Na przykład swój pobyt na Białorusi zachwala niestrudzenie były sędzia Tomasz Szmydt. A siedzi tam od półtora roku, to się już pewnie zdążył zorientować we wszystkich zaletach reżimu Łukaszenki. Może kolega byłego sędziego, kursujący między Budapesztem a Brukselą, zakręci do Mińska? Wszak pisze, że Europa "ślepawa, głuchawa, pokryta grubą warstwą zwietrzałego pudru, zdegradowana przez lata rządów lewactwa", a skoro tak jest, to dlaczego raptem jego centrum spraw życiowych stała się stolica Belgii, gdzie przecież kwitnie na całego ten wstrętny "romans z islamskimi migrantami"? I dzieci tam zabrał, do szkół posłał, zgroza! Do Mińska, Panie Ministrze, by odetchnąć powietrzem wolności! I Janusza Kowalskiego wziąć koniecznie!
Szansa, liczne szanse
Jest takie ładne słowo: hipokryzja.
Przy czym niektórzy próbują być też sprytni, na przykład była premier Beata Szydło, która wie, że wciąż w Polsce jest więcej tych, którzy sobie życia poza Unią nie wyobrażają niż tych, dla których jest eurokołchozem (zresztą ich pod swój sztandar zwołał już Grzegorz Braun). Stąd na spotkaniu z wyborcami w Brzozowie (tym samym, które Morawiecki wybrał zamiast narady przy Nowogrodzkiej z prezesem Kaczyńskim) swe prawdy wykładała ostrożnie.
Oto Unia jest "gwarancją naszego bezpieczeństwa i rozwoju gospodarczego", ale "została zdegenerowana" i dlatego "mamy prawo na nią narzekać" oraz "podjąć naprawę". Ani słowa o tym, że gdybyśmy zaczęli naprawiać Wspólnotę podług wytycznych polityków PiS, to na pewno przestałaby nam ona gwarantować cokolwiek.

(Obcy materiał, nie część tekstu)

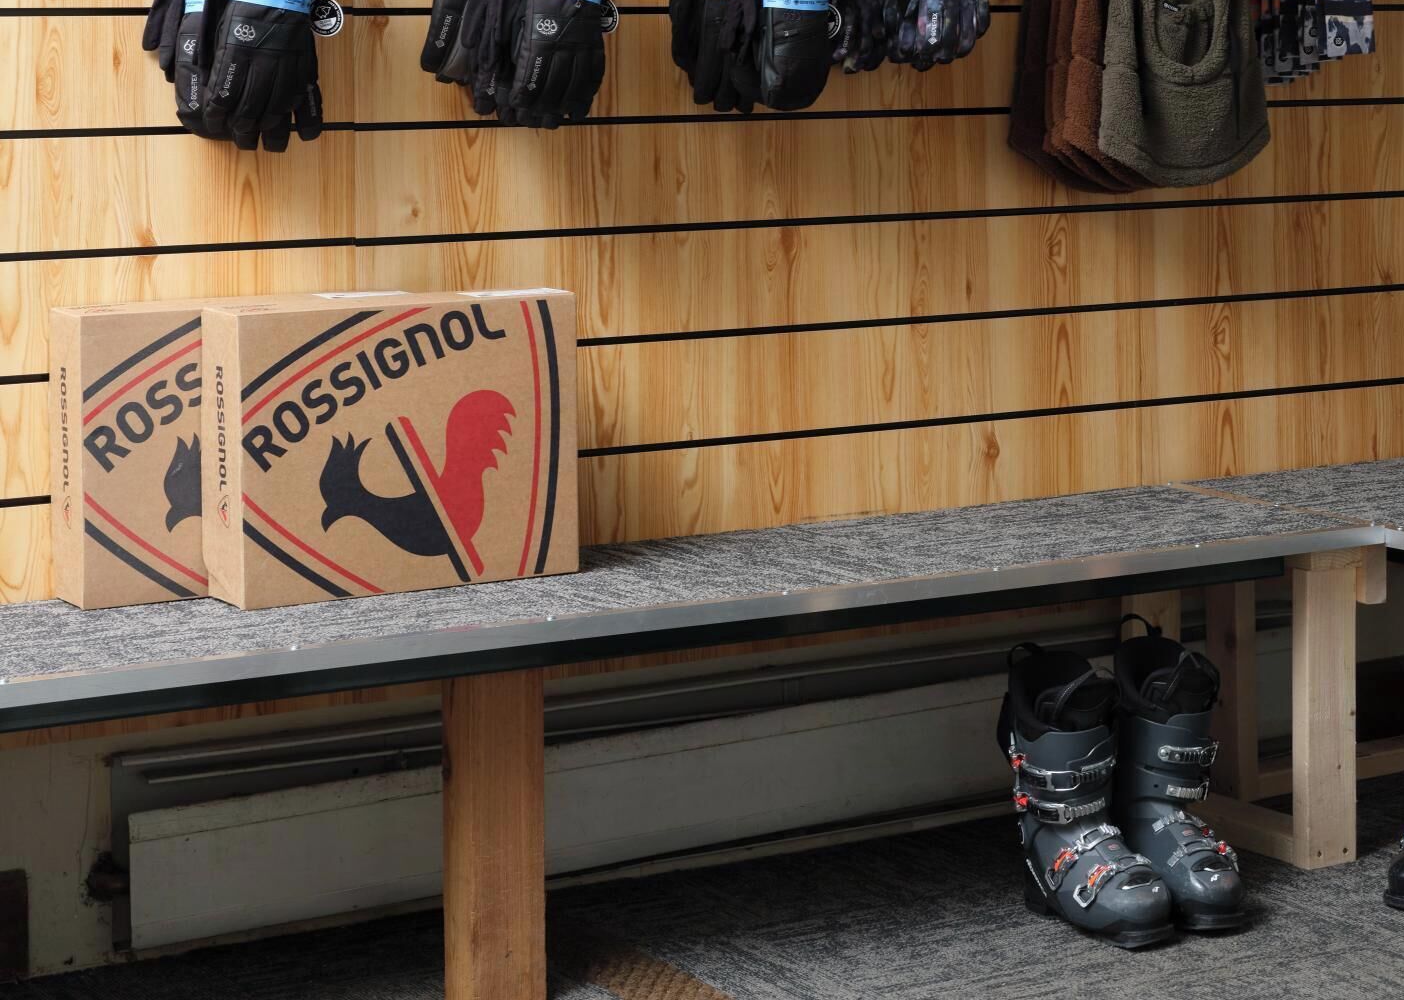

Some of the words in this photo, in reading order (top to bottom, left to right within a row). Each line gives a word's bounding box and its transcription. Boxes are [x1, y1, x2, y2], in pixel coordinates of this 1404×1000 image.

[233, 23, 256, 42] 686
[439, 15, 453, 41] GORE-TEX
[536, 18, 558, 36] 686
[224, 62, 237, 89] GORE-TEX
[531, 56, 543, 83] GORE-TEX
[190, 73, 198, 100] GORE-TEX
[241, 304, 507, 473] ROSSIGNOL
[60, 366, 71, 492] ROSSIGNOL
[215, 365, 229, 492] ROSSIGNOL
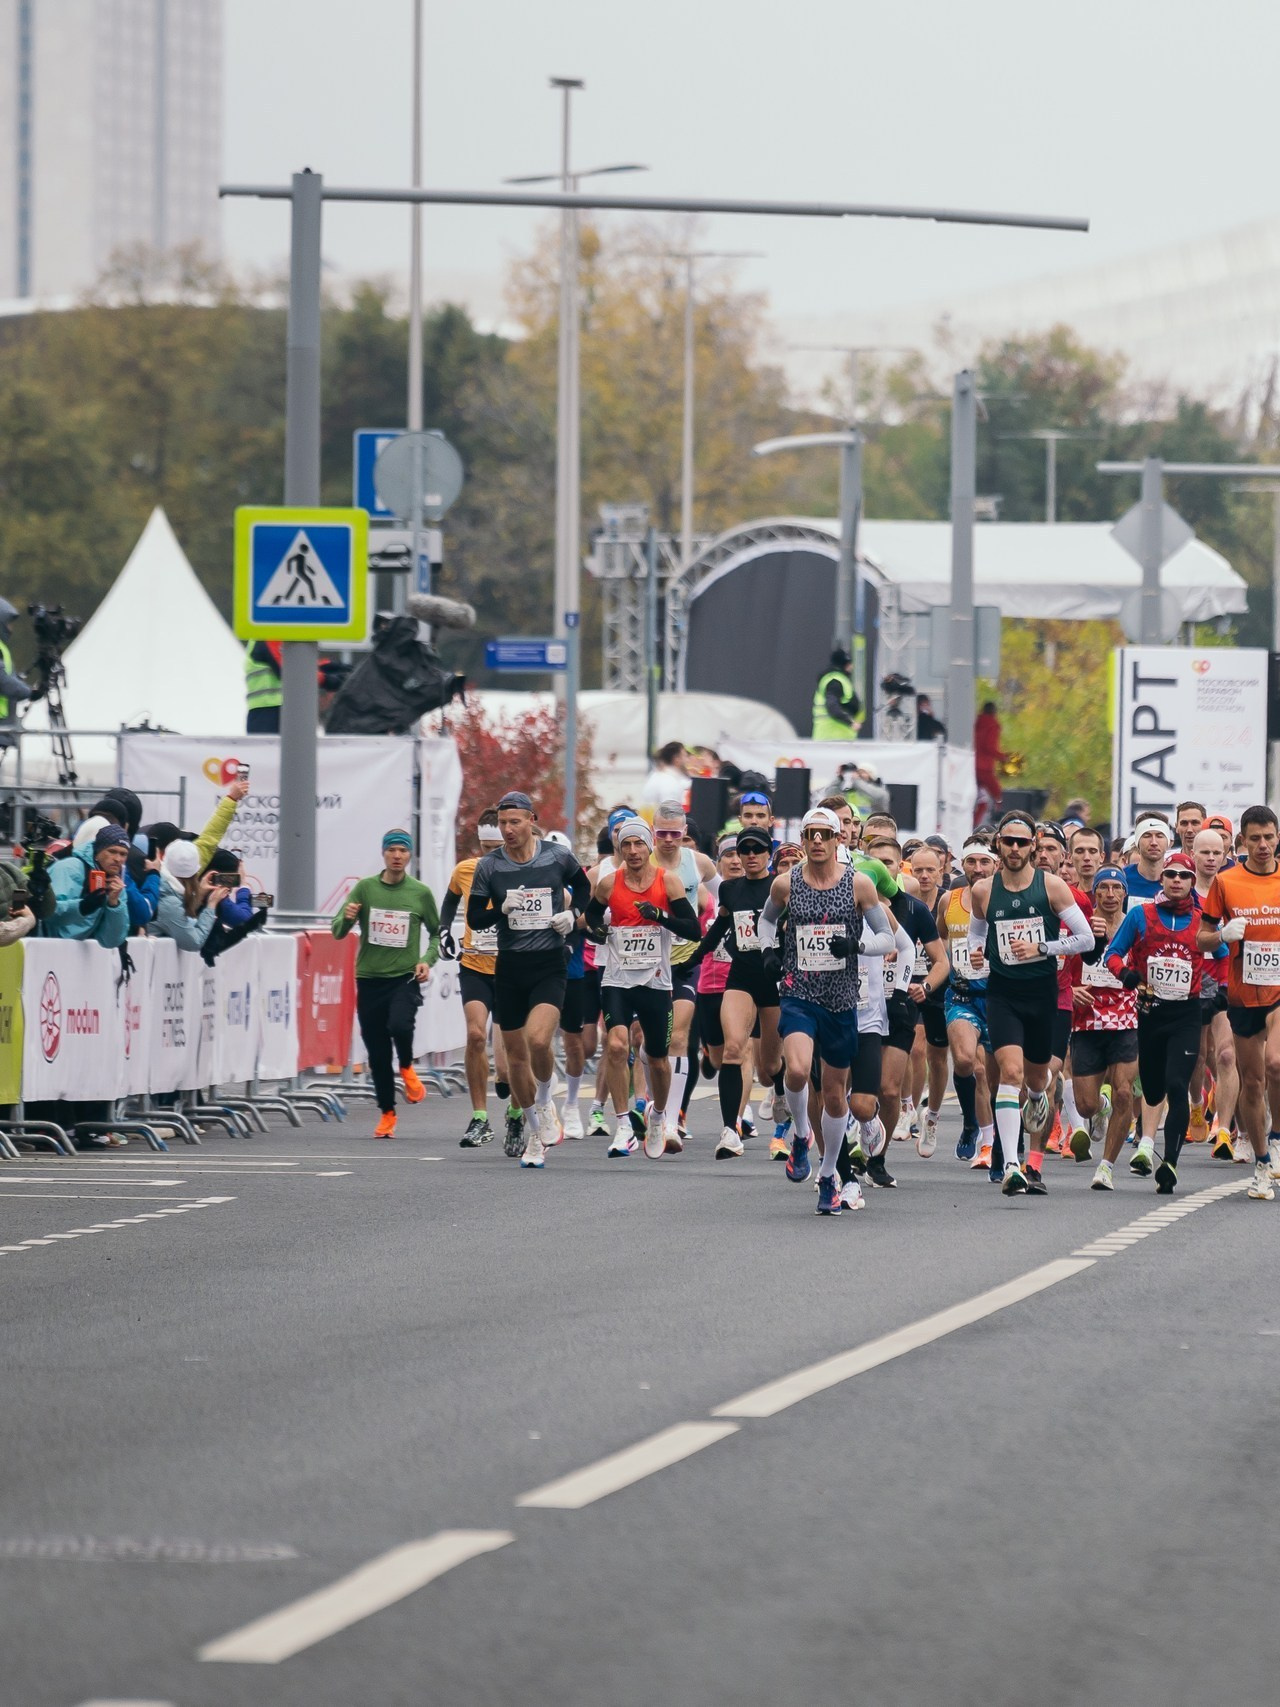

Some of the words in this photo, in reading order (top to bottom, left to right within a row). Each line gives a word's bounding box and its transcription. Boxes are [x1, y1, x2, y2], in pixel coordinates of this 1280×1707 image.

[1130, 660, 1178, 827] ТАРТ
[1232, 907, 1259, 916] Team
[371, 921, 406, 935] 17361
[623, 938, 655, 952] 2776
[1149, 966, 1190, 984] 15713

Szansa. Albo nawet liczne szanse mają nam, Polsce, Polkom i Polakom, dawać próby ułożenia się biznesowego otoczenia Donalda Trumpa z rosyjskim dyktatorem kosztem Kijowa i kosztem bezpieczeństwa Europy.
Mariusz Błaszczak tak to widzi. Jeśli istnieje jakiś problem, to tylko taki, że skoro obecny rząd jest nieudolny (a takie jest podstawowe założenie), to nie będzie tych szans potrafił wykorzystać. Panie Przewodniczący, do dzieła! Pan nakreśli te szanse! Czy jest możliwość taka, że na tych kontraktach, które z firmami rosyjskimi zawrze zięć Trumpa i jego koledzy, i my, Polska, dalibyśmy radę się obłowić? Ścieżki do bogactwa, leżącego za Uralem, wytyczyć, drogę nam wskazać, uprasza się serdecznie.
Na koniec – prezes Kaczyński ubolewający, że nie mamy "jakiegokolwiek wpływu na to, co się dzisiaj dzieje i co jest ogromnie ważne wokół Ukrainy". Ale, ale! Przecież prezydencki minister Marcin Przydacz oznajmił w radiu Tok FM, że Trump i Nawrocki odbyli telefoniczne rozmowy między 3 września, czyli wizytą Nawrockiego w Waszyngtonie a grudniem. Dopytywany, nie chciał zdradzić, ile było tych rozmów, kiedy i o czym.
Sposób, w jaki odpowiadał, czytelnie zdradzał, że jednak nikt ani nie dzwonił, ani nie odbierał. A skoro tak, to choć Nawrocki chciał od rządu przejąć odpowiedzialność za relacje polsko-amerykańskie i raz mu się nawet udało wykolegować Tuska ze zdalnej konferencji z Trumpem, to pary nie starczyło na więcej. Szkoda.
Byłoby nawet śmiesznie, gdyby czasy nie były tak groźne.